▶ _SOURCE MATERIAL_:
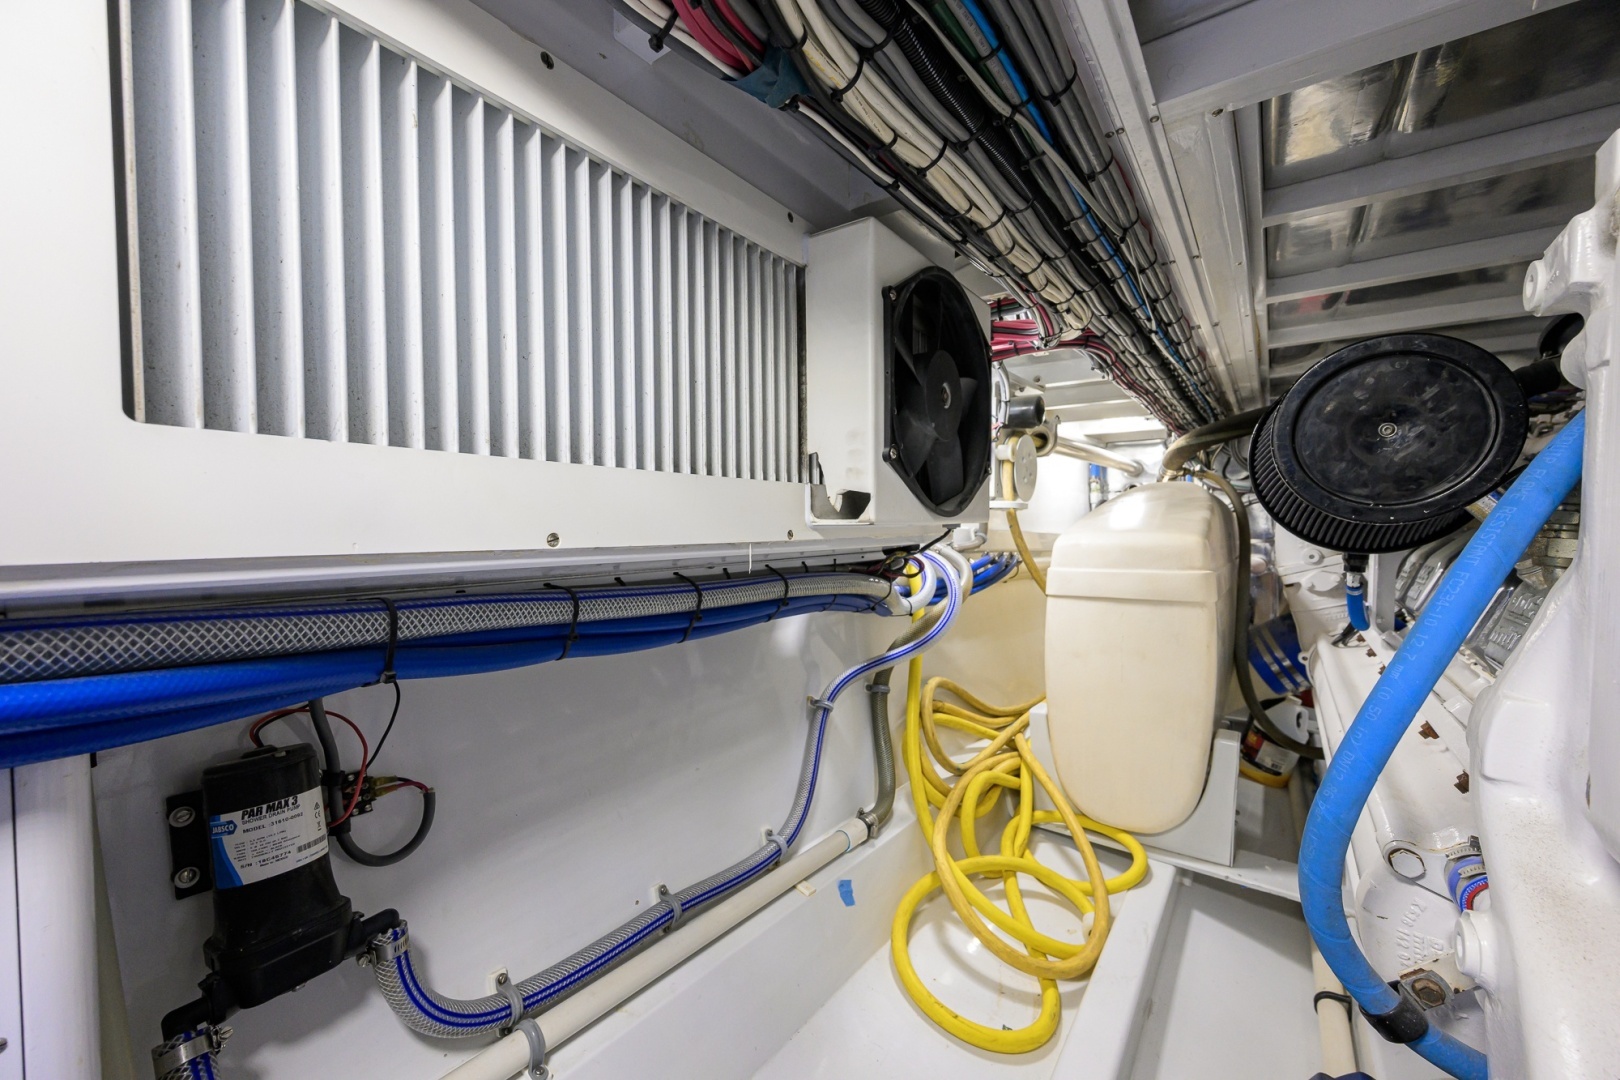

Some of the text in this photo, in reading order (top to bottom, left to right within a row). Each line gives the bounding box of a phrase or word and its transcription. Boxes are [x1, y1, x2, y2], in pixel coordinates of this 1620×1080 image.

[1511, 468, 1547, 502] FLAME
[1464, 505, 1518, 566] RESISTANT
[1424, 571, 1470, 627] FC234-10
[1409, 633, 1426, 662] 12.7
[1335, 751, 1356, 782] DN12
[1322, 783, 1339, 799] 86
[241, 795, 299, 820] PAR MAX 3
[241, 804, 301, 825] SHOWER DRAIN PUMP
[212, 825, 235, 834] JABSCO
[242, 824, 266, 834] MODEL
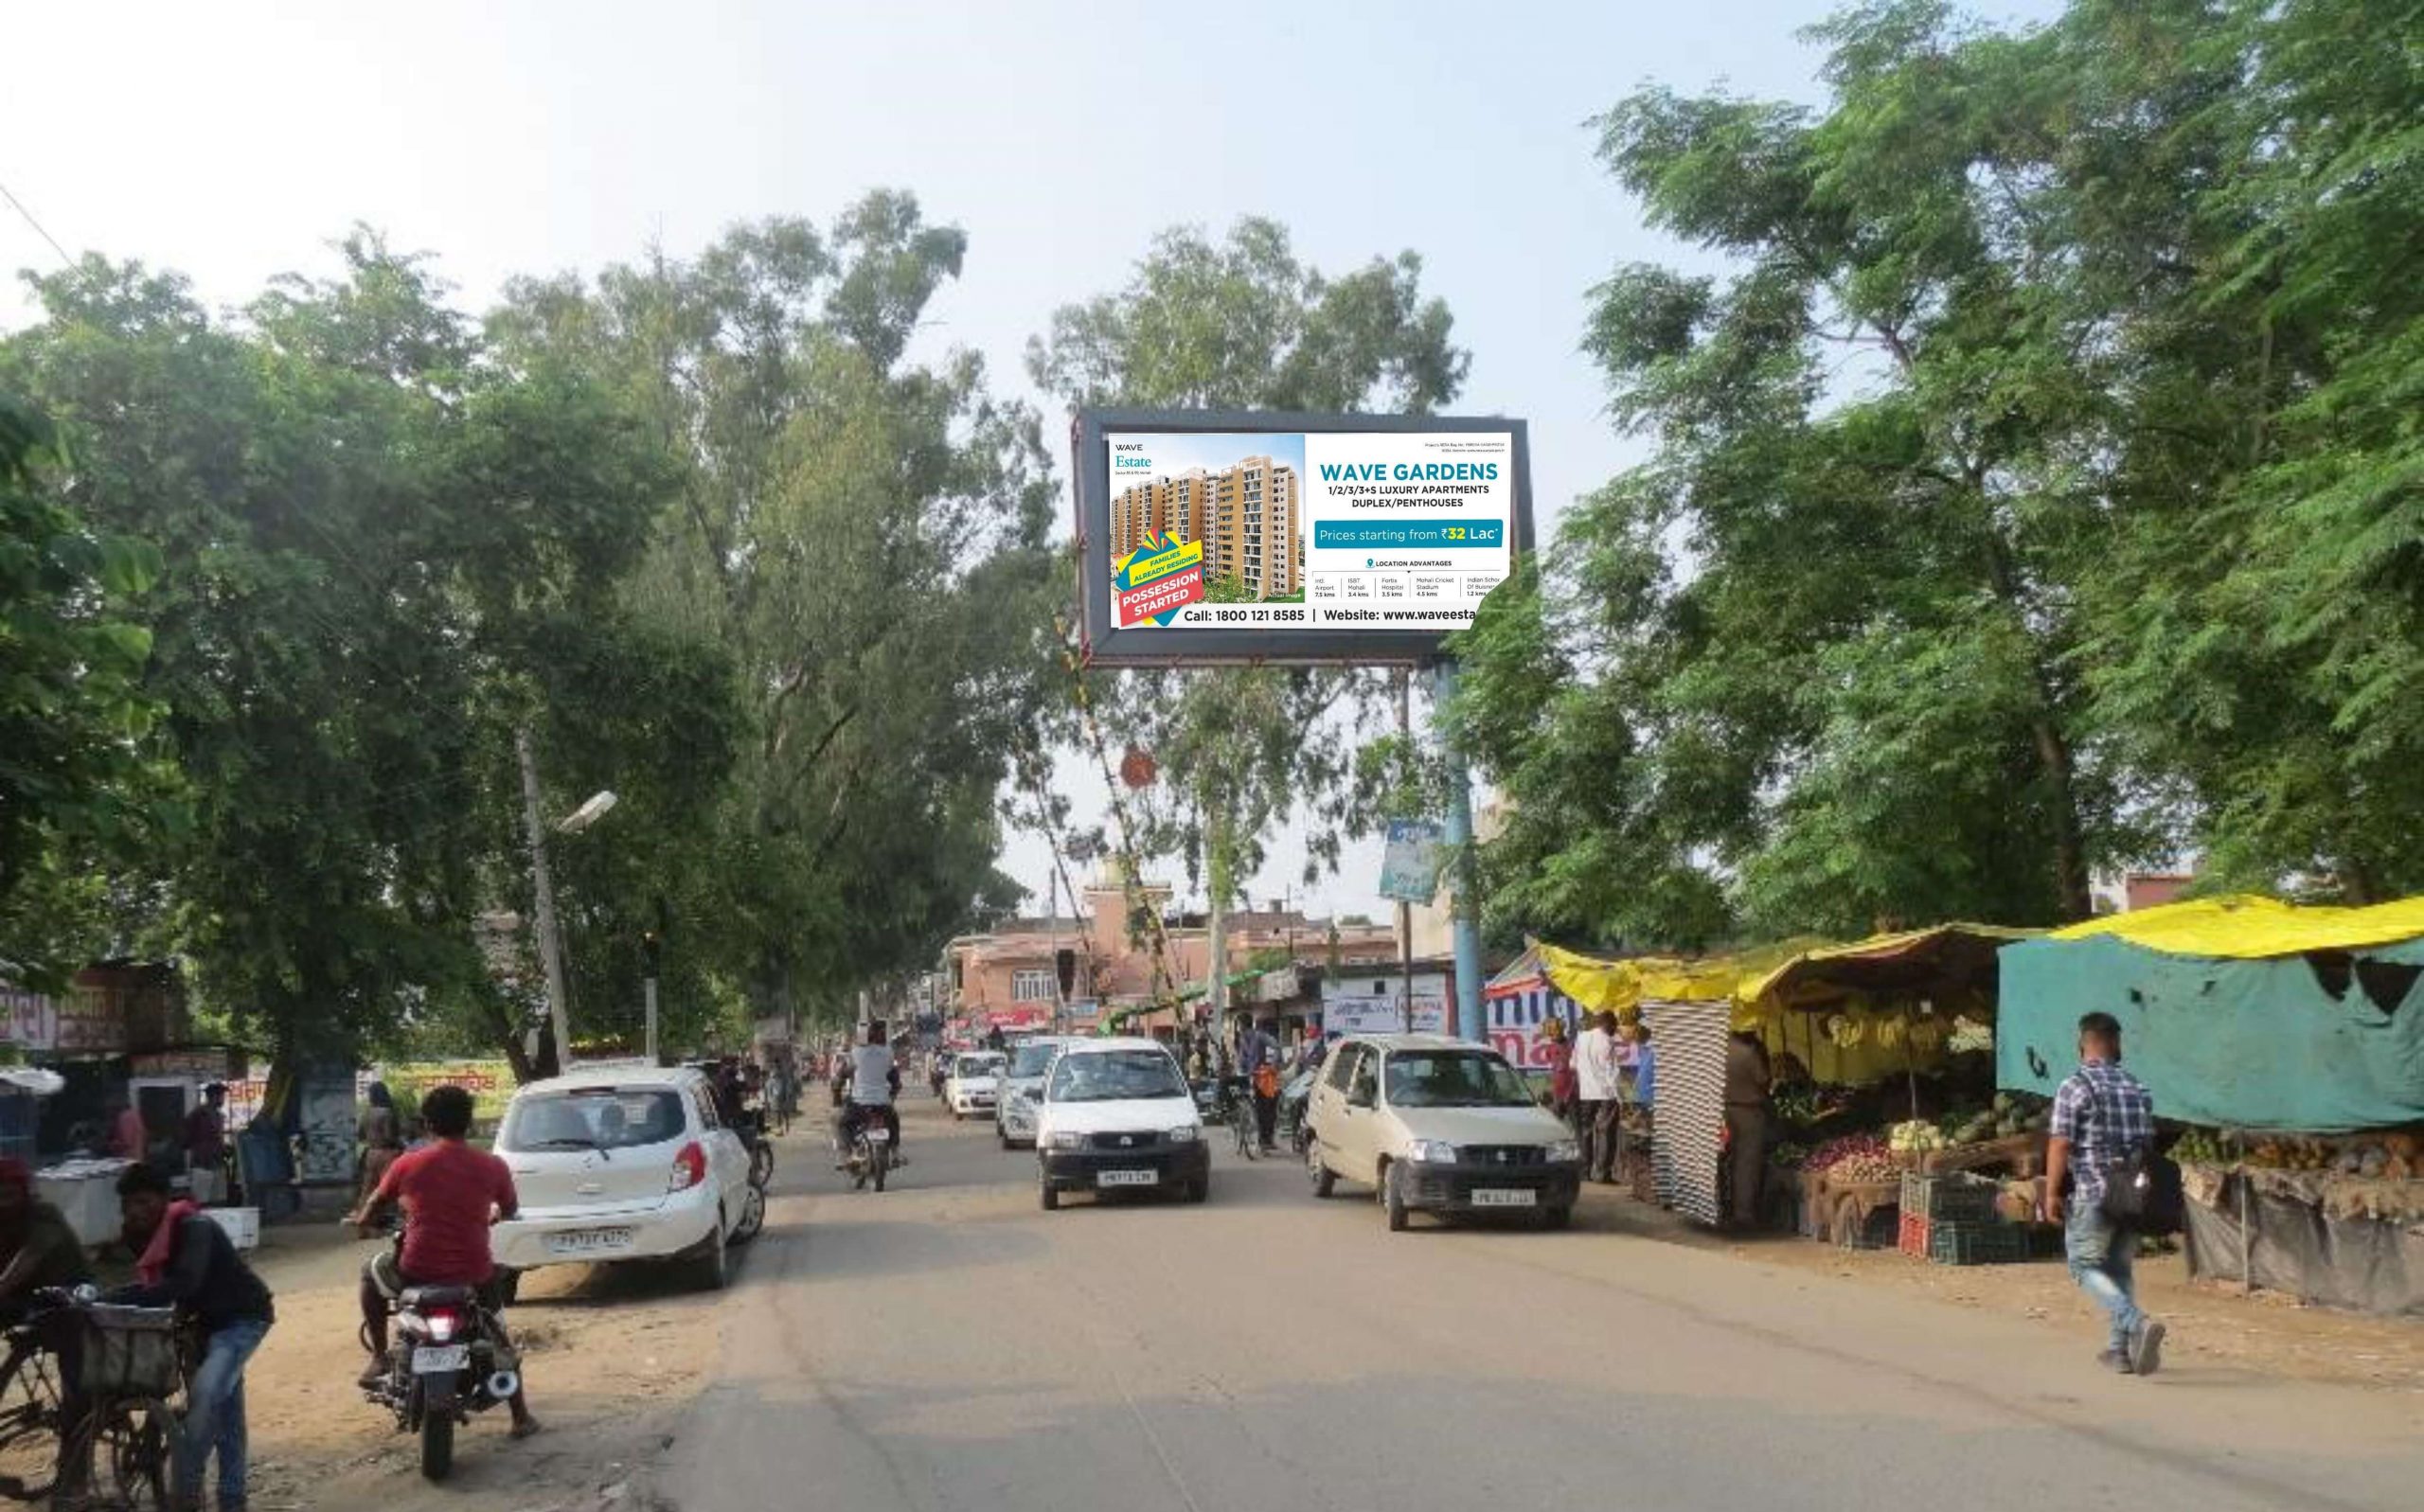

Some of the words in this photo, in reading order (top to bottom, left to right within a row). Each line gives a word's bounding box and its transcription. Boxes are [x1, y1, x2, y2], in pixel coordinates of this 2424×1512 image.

▶ _WHAT YOU ARE ASKED TO DO_: Please repeat the records above word for word, and do not include the pictures.

▶ _EXPECTED ANSWER_:
Some of the text in this photo, in reading order (top to bottom, left to right within a row). Each line gives the bounding box of a phrase or word and its transcription. Boxes are [x1, y1, x2, y2], in pixel coordinates of this 1620×1080 image.

[1511, 468, 1547, 502] FLAME
[1464, 505, 1518, 566] RESISTANT
[1424, 571, 1470, 627] FC234-10
[1409, 633, 1426, 662] 12.7
[1335, 751, 1356, 782] DN12
[1322, 783, 1339, 799] 86
[241, 795, 299, 820] PAR MAX 3
[241, 804, 301, 825] SHOWER DRAIN PUMP
[212, 825, 235, 834] JABSCO
[242, 824, 266, 834] MODEL

Some of the words in this photo, in reading order (top to bottom, left to right within a row). Each line gives a word's bounding box and its transcription. Boxes are [x1, y1, x2, y2], in pixel coordinates of this 2424×1512 image.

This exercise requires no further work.